It’s a mistake to think that the core security issues on the internet are purely technical issues. They are not. Security on the Internet is largely a problem of the trust relationships linking several components:
- The trust a user has in the browser and its capacity to deliver reliable information, while protecting the user;
- The trust between a browser and its trusted certificate authority (CA) list ;
- The trust that the entire IT industry has with respect to the various certificate authorities (CA) and their ability to reliably authenticate certificate owners, to verify their information and to technically protect the underlying mechanism.
If only one element of the trust chain is broken, the entire security model is at risk, as this has been demonstrated recently:
- Eddy Nigg, founder of StartCom, has revealed that certstar, a reseller for the Comodo certificate authority was not verifying the provided information before signing SSL certificates (and certstart was using suspicious renewal scams to get more customers). Eddy easily obtained a certificate for the mozilla.com domain with no relationship with that organization. Comodo reacted immediately once the information had been revealed, revoking the certificate and launching an internal investigation into certstar. Mozilla is seeking stronger assurances from Comodo that they are doing their job professionally, and has threatened to remove Comodo from its trusted CA list if this is not the case.

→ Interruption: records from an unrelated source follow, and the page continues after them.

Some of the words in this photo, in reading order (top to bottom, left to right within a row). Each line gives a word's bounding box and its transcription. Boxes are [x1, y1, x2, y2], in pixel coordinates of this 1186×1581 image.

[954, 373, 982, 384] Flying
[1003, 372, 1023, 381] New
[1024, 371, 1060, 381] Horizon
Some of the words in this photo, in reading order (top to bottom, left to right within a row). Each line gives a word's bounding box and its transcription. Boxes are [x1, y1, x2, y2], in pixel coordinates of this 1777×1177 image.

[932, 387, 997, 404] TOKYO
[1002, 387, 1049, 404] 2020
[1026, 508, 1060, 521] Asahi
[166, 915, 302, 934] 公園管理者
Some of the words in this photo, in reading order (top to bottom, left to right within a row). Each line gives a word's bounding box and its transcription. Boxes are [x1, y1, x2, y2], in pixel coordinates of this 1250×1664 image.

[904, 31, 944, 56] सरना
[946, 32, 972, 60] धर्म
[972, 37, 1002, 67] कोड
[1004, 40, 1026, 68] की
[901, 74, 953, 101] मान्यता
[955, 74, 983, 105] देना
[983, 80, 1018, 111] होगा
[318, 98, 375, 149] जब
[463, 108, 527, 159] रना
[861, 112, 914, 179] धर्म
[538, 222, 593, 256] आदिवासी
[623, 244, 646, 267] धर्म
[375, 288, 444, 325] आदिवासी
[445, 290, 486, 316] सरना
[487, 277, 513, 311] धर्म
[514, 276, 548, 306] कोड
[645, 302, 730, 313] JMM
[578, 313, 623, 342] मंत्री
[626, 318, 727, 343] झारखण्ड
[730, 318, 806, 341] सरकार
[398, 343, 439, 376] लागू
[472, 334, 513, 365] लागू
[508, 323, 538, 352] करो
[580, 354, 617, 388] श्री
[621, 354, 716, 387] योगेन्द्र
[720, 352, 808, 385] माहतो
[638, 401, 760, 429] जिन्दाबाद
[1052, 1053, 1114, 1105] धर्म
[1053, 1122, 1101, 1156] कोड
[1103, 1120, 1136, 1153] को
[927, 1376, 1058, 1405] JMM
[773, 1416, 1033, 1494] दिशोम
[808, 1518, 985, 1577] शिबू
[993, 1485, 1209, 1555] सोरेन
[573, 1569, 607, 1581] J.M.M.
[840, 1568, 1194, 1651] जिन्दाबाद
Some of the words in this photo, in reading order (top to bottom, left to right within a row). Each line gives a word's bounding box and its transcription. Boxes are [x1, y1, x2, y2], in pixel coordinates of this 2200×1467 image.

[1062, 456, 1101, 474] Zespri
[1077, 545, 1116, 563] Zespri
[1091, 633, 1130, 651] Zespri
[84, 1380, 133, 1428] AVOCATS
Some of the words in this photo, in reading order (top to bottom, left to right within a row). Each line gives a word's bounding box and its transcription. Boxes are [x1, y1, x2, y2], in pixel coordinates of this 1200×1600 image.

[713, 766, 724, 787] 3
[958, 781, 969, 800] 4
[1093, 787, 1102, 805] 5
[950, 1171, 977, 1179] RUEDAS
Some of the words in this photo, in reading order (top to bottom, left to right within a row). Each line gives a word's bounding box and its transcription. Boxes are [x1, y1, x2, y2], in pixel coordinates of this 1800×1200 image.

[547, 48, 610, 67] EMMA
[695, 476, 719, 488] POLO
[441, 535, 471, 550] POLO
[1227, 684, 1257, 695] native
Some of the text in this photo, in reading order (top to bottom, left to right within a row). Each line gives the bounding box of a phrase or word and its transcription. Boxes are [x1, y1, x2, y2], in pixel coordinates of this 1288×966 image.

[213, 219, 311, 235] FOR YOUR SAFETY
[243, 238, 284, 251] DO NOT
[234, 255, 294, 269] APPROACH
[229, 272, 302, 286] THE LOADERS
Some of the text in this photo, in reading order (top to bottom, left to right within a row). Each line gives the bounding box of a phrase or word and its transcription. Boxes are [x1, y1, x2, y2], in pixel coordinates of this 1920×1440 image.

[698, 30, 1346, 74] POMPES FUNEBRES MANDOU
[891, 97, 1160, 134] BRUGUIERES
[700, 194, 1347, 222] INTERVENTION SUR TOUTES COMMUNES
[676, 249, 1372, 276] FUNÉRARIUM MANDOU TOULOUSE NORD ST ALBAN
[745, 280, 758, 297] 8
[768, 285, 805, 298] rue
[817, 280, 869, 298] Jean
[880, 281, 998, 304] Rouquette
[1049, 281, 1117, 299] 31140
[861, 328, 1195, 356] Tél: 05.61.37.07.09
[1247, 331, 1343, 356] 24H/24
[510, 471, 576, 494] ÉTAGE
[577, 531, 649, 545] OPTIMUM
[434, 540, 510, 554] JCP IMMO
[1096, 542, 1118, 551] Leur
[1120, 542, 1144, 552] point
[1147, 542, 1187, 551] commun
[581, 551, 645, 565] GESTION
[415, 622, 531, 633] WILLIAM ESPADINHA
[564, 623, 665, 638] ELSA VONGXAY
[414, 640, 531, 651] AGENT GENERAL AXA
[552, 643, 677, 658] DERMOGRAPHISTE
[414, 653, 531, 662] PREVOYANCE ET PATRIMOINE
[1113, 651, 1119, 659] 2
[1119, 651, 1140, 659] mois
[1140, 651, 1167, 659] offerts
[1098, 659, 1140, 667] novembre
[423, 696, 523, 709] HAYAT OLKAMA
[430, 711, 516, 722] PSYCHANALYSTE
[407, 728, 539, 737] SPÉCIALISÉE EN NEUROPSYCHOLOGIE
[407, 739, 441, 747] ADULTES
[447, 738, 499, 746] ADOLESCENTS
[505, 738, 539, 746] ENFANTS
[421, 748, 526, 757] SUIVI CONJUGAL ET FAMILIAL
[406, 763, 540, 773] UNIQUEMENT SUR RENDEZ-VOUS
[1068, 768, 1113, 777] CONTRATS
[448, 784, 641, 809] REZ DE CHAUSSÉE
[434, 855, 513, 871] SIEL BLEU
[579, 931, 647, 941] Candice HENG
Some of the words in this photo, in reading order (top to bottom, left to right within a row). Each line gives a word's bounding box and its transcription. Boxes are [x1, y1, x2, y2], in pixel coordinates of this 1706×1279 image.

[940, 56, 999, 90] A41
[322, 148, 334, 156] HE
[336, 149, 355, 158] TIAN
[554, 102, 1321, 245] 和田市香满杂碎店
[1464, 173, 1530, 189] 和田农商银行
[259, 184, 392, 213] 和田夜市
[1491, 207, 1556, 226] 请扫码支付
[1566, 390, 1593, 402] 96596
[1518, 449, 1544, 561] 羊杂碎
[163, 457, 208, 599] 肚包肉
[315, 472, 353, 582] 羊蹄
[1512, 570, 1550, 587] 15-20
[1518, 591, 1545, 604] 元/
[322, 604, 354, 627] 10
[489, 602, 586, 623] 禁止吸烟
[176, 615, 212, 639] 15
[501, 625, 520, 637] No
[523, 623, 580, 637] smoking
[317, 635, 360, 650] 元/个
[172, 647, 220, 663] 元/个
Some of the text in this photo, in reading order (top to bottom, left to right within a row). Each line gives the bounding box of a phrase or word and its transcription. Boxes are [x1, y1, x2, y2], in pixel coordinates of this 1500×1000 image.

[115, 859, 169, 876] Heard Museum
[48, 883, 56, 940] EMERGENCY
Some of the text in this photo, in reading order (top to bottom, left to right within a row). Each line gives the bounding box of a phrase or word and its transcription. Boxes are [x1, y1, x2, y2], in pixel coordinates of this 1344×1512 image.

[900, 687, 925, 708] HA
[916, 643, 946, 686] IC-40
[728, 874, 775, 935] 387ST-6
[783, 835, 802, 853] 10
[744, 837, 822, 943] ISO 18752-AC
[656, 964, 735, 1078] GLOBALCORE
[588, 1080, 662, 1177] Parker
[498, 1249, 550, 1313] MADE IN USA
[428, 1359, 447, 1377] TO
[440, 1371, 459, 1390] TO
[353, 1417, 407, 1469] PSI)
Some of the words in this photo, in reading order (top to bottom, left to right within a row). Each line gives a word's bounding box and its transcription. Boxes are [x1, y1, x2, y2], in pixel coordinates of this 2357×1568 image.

- A group of researchers presented their work on the creation of a rogue CA certificate, recognized as trusted by the various browsers, and which can be used to generate an on-demand certificate for any secure website at the 25th CCC conference (Chaos Communication Congress). The technique exploits known weaknesses in the MD5 algorithm, still used by some authority certifications. Using a cluster of 200 PS3s, they can relatively rapidly generate a CA certificate with the same MD5 hash value as a RapidSSL certificate signed at their request. With this sort of certificate, they are able to impersonate any secure web site to launch man in the middle attacks. Verisign reacted immediately, banning the use of MD5 by its certification authorities to prevent a possible reproduction.
So it’s clearly difficult for users to be sure they can trust a web site even with all the trust indicators given by his browser. An up-to-date browser and checking of every certificate (using OCSP) remains the best way to surf with low risk. And be sure of what you are doing before accepting an untrusted certificate because basic MITM attacks exist in the wild.